» About this task
Print every entry exactly once more, omitting each picture.

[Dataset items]
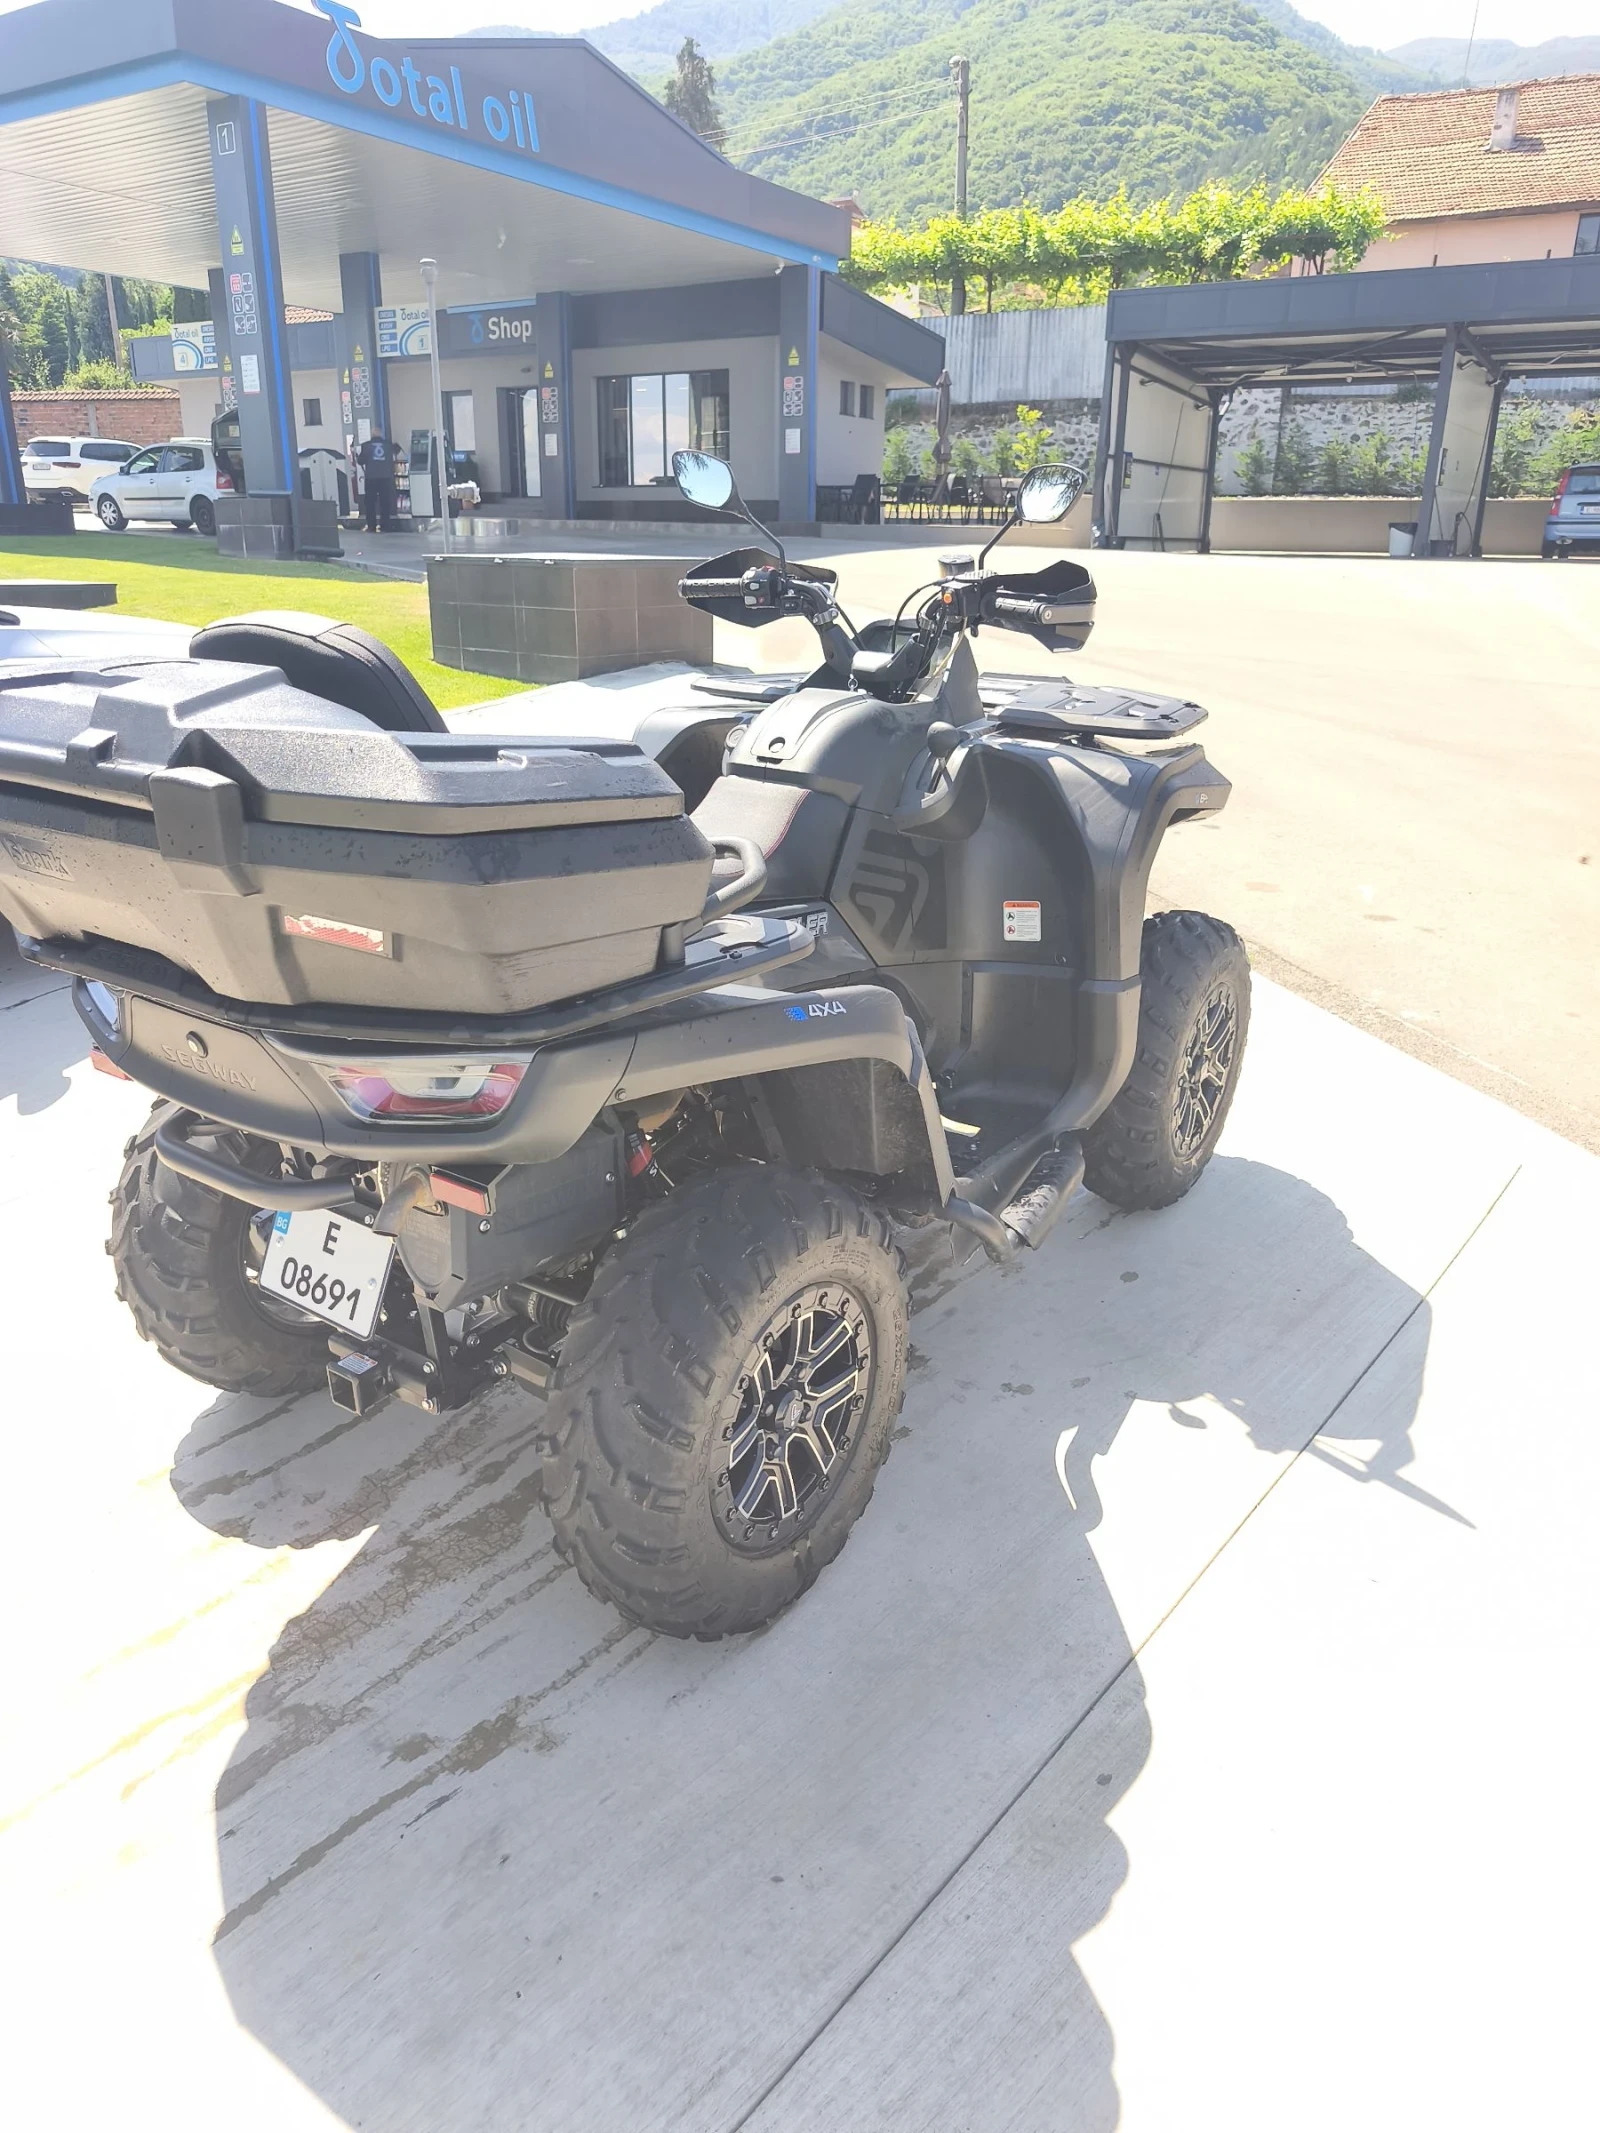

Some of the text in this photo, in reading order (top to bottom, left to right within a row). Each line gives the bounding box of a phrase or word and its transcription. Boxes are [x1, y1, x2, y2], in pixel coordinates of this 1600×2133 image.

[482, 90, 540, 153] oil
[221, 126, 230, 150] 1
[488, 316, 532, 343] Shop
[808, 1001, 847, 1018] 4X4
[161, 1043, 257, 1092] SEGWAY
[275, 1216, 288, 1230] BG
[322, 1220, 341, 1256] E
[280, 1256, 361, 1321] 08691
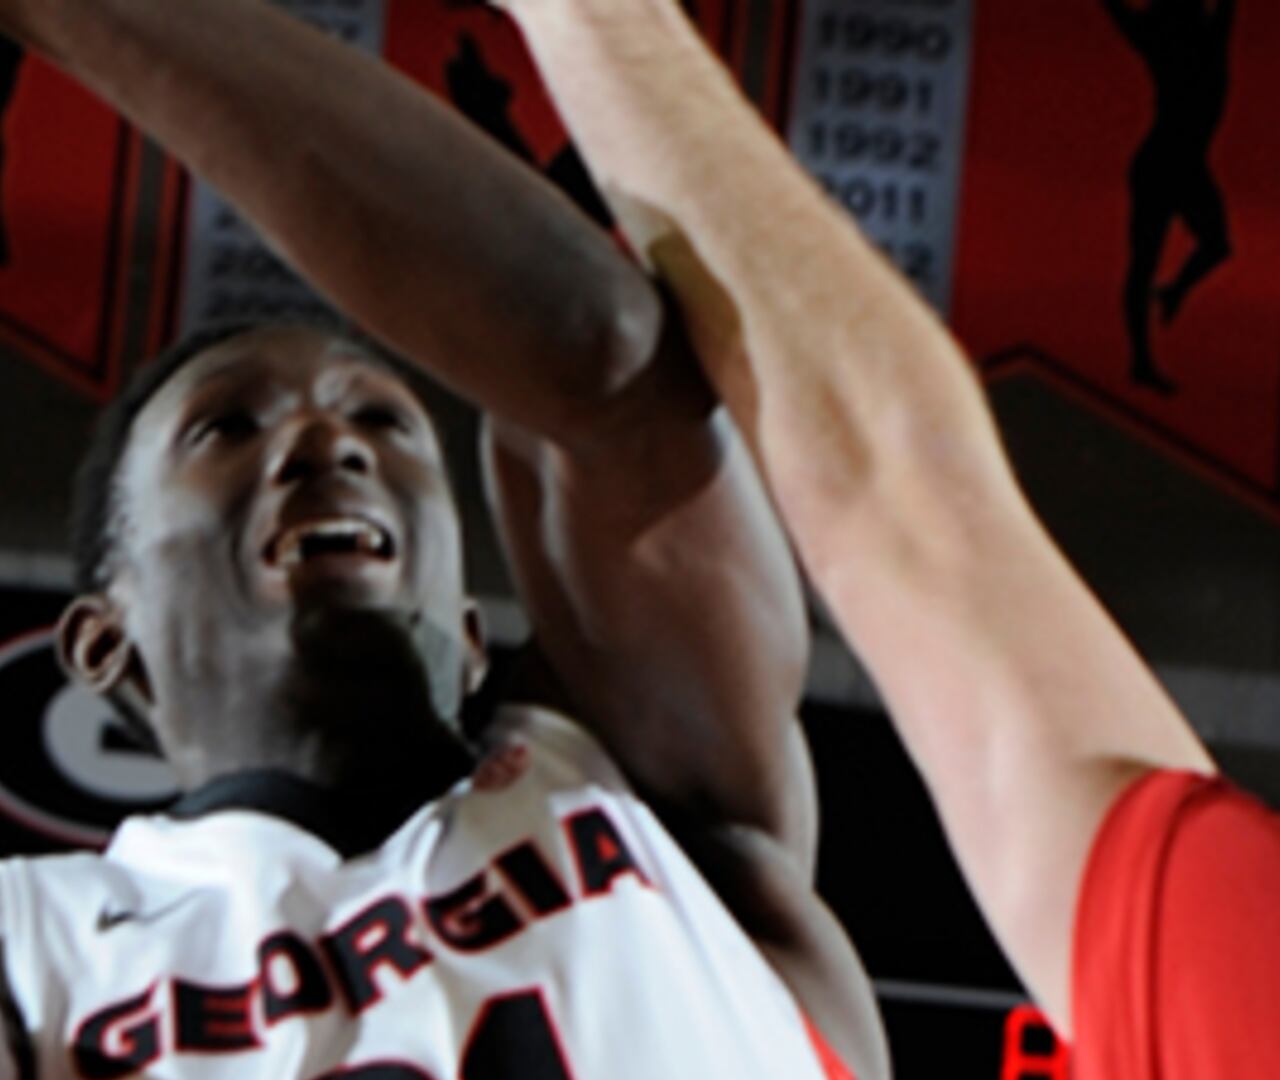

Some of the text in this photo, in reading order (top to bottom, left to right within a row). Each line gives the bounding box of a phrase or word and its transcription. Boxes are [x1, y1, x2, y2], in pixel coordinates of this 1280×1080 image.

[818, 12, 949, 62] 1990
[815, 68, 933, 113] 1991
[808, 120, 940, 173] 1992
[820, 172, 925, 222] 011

» Written answer
Some of the text in this photo, in reading order (top to bottom, left to right within a row). Each line gives the bounding box of a phrase or word and its transcription. Boxes are [x1, y1, x2, y2], in pixel coordinates of this 1600×2133 image.

[482, 90, 540, 153] oil
[221, 126, 230, 150] 1
[488, 316, 532, 343] Shop
[808, 1001, 847, 1018] 4X4
[161, 1043, 257, 1092] SEGWAY
[275, 1216, 288, 1230] BG
[322, 1220, 341, 1256] E
[280, 1256, 361, 1321] 08691

Some of the text in this photo, in reading order (top to bottom, left to right within a row). Each line gives the bounding box of a phrase or word and its transcription. Boxes are [x1, y1, x2, y2], in pixel coordinates of this 1280×1080 image.

[818, 12, 949, 62] 1990
[815, 68, 933, 113] 1991
[808, 120, 940, 173] 1992
[820, 172, 925, 222] 011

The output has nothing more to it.